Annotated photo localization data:
▼

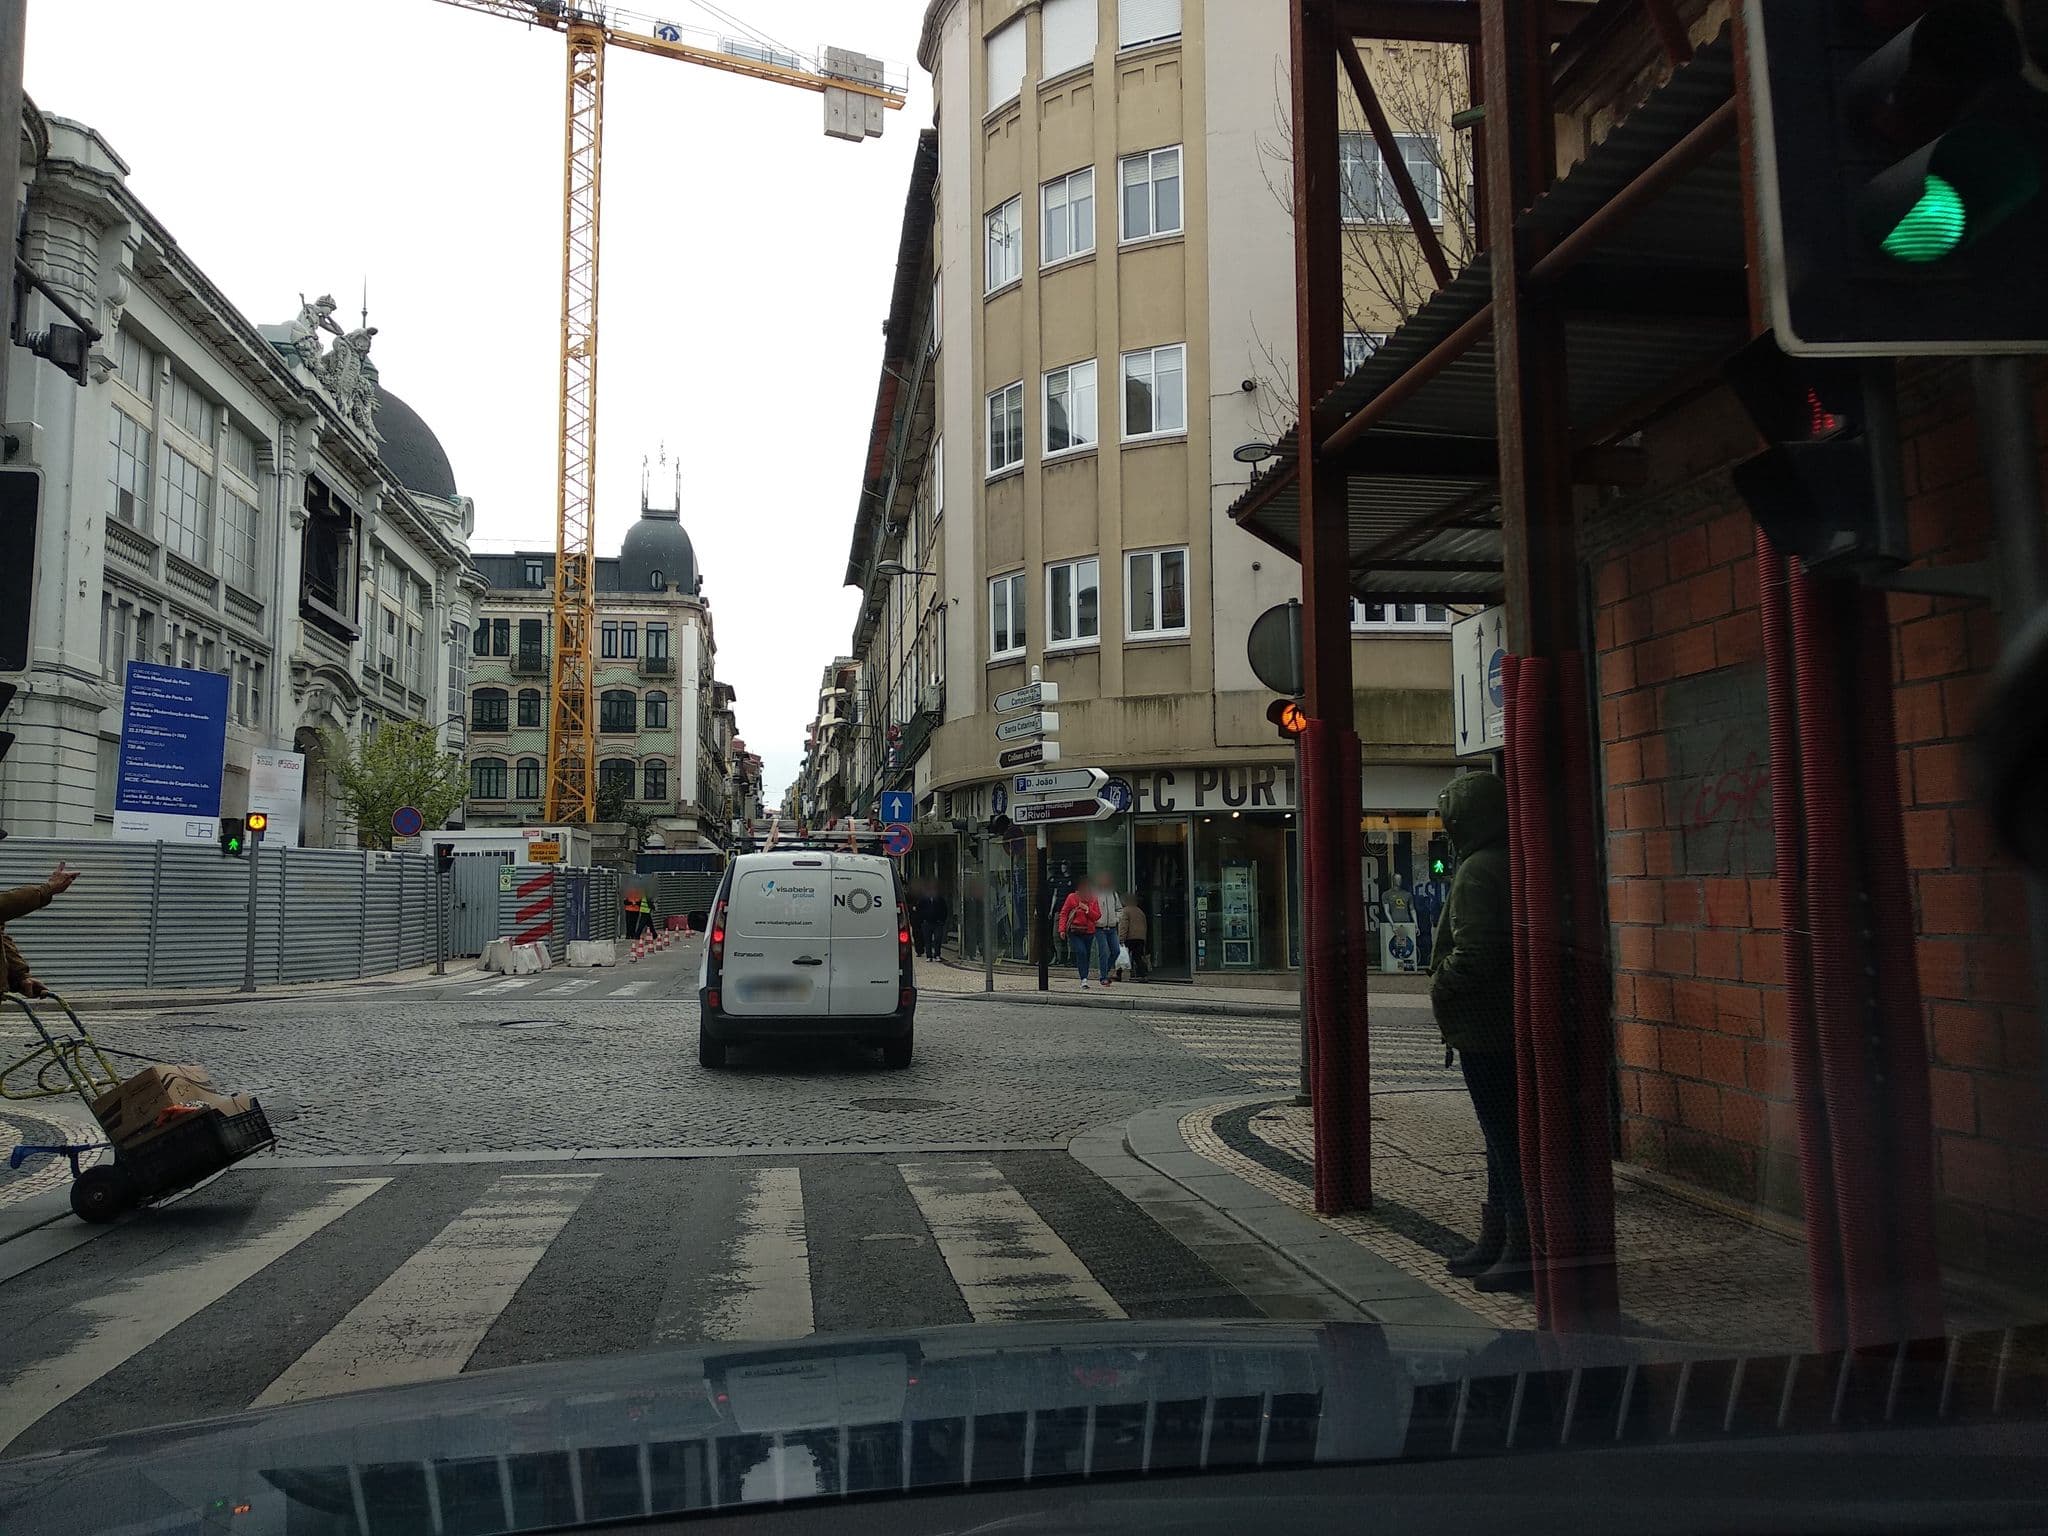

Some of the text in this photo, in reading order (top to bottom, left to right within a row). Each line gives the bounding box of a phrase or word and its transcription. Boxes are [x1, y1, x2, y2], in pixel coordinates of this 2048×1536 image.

[1004, 725, 1017, 734] Santa
[1026, 779, 1034, 787] D.
[1035, 778, 1053, 787] João
[1133, 769, 1176, 814] FC
[1195, 765, 1295, 806] PORT
[1045, 801, 1074, 809] municipal
[1027, 810, 1050, 819] Rivoli
[833, 887, 883, 914] NOS
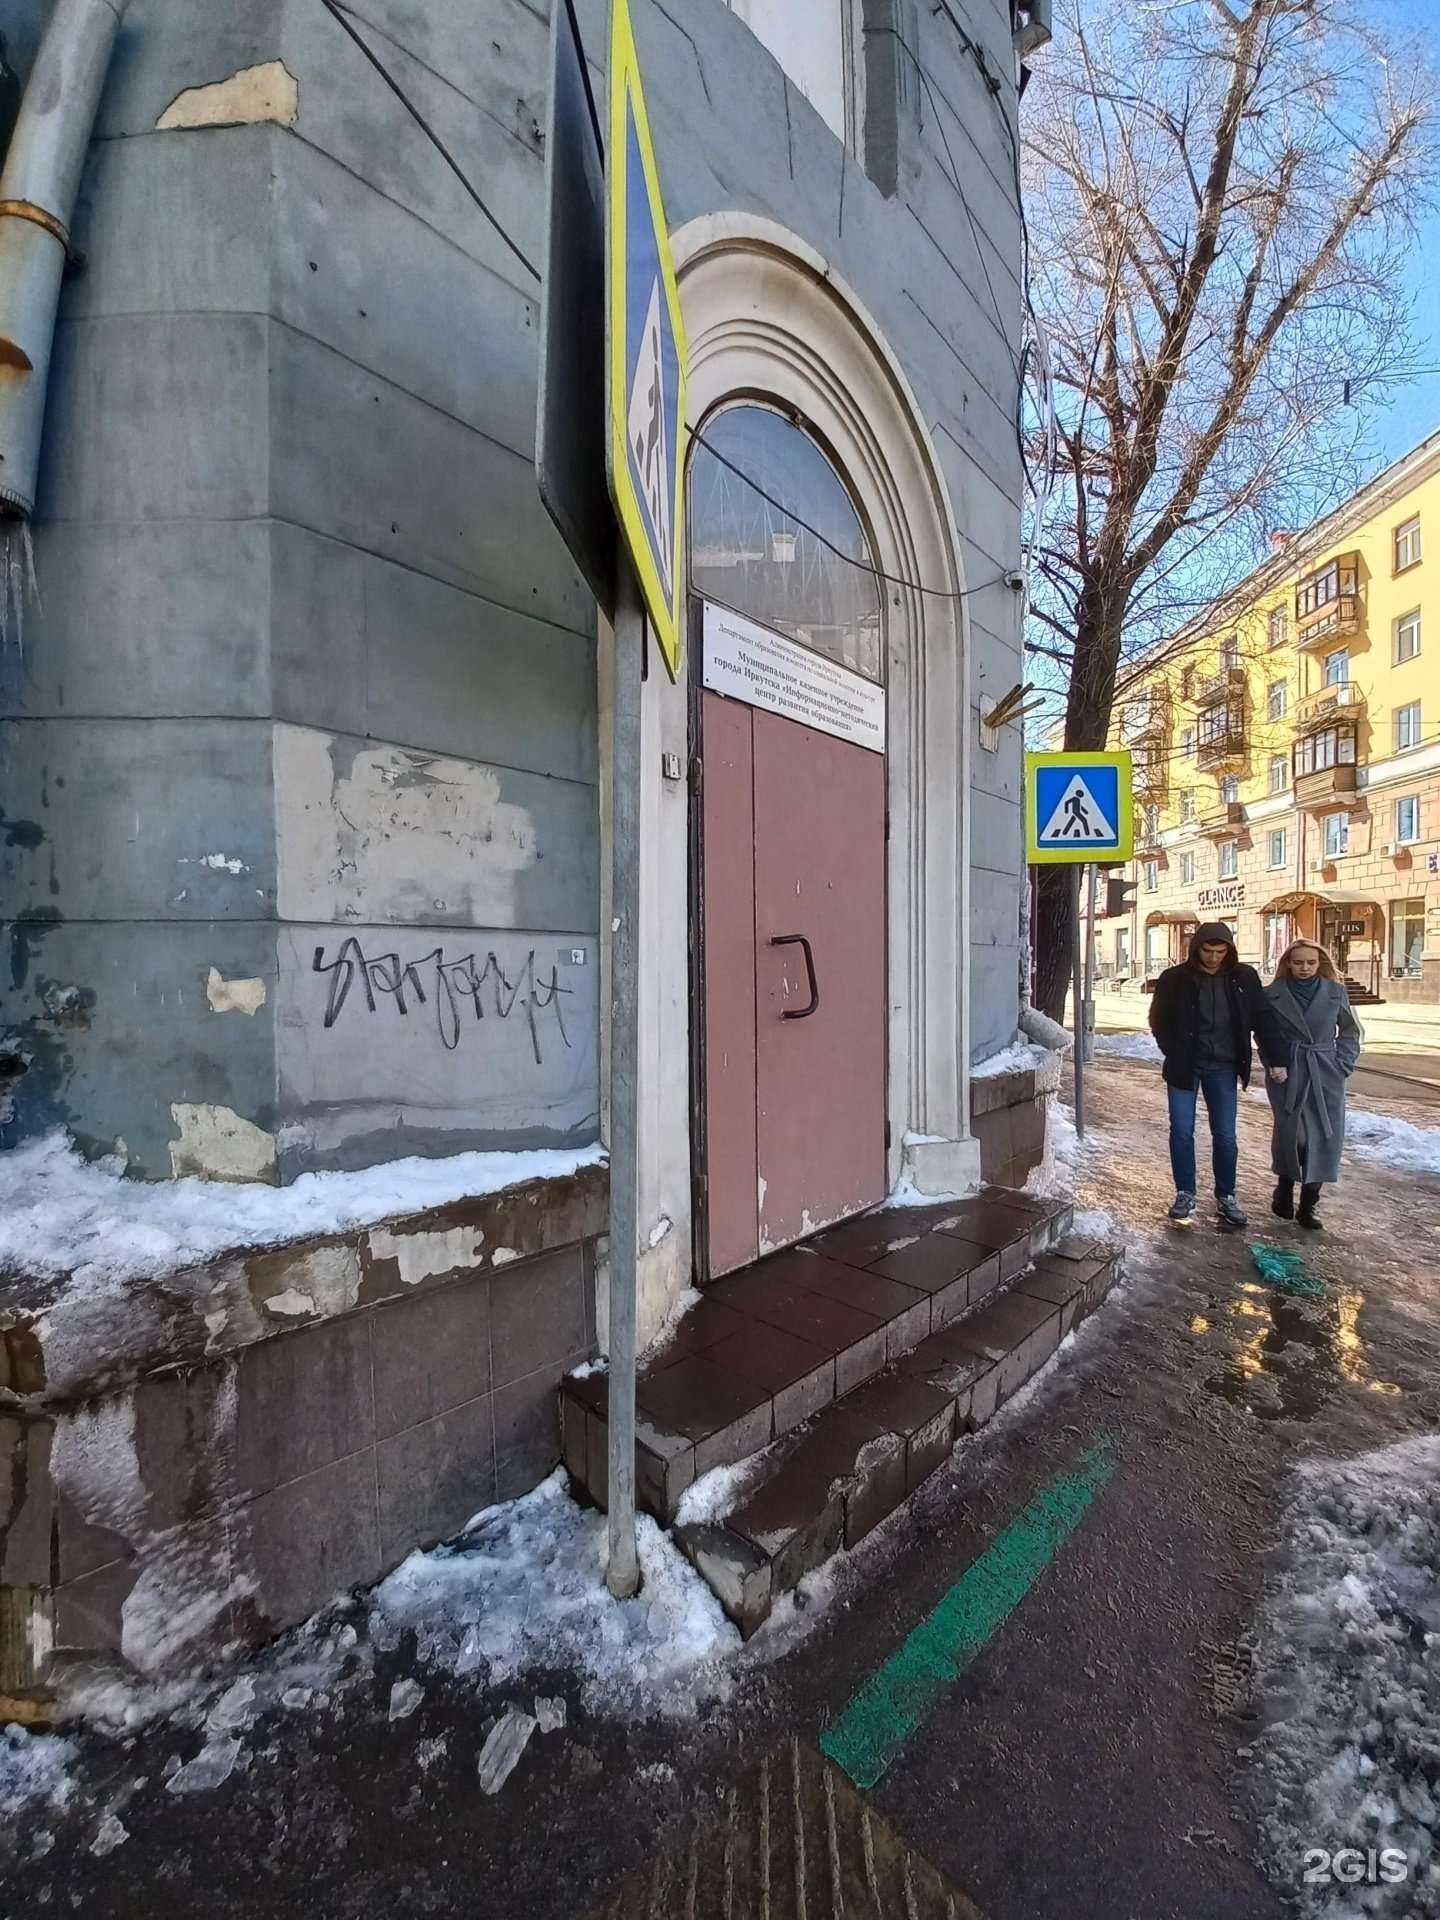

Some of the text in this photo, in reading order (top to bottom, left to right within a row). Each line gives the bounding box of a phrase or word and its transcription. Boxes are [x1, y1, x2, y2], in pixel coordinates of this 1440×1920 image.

[714, 656, 742, 675] города
[744, 666, 781, 691] Иркутска
[737, 650, 798, 684] Муниципальное
[754, 686, 777, 703] центр
[1198, 884, 1246, 906] GLANCE

▲

Every record must be set down again exactly; pictures do not belong in the copy.

## RESPONSE TO THIS EXERCISE:
Some of the text in this photo, in reading order (top to bottom, left to right within a row). Each line gives the bounding box of a phrase or word and its transcription. Boxes are [x1, y1, x2, y2], in pixel coordinates of this 2048×1536 image.

[1004, 725, 1017, 734] Santa
[1026, 779, 1034, 787] D.
[1035, 778, 1053, 787] João
[1133, 769, 1176, 814] FC
[1195, 765, 1295, 806] PORT
[1045, 801, 1074, 809] municipal
[1027, 810, 1050, 819] Rivoli
[833, 887, 883, 914] NOS

Some of the text in this photo, in reading order (top to bottom, left to right within a row). Each line gives the bounding box of a phrase or word and its transcription. Boxes are [x1, y1, x2, y2], in pixel coordinates of this 1440×1920 image.

[714, 656, 742, 675] города
[744, 666, 781, 691] Иркутска
[737, 650, 798, 684] Муниципальное
[754, 686, 777, 703] центр
[1198, 884, 1246, 906] GLANCE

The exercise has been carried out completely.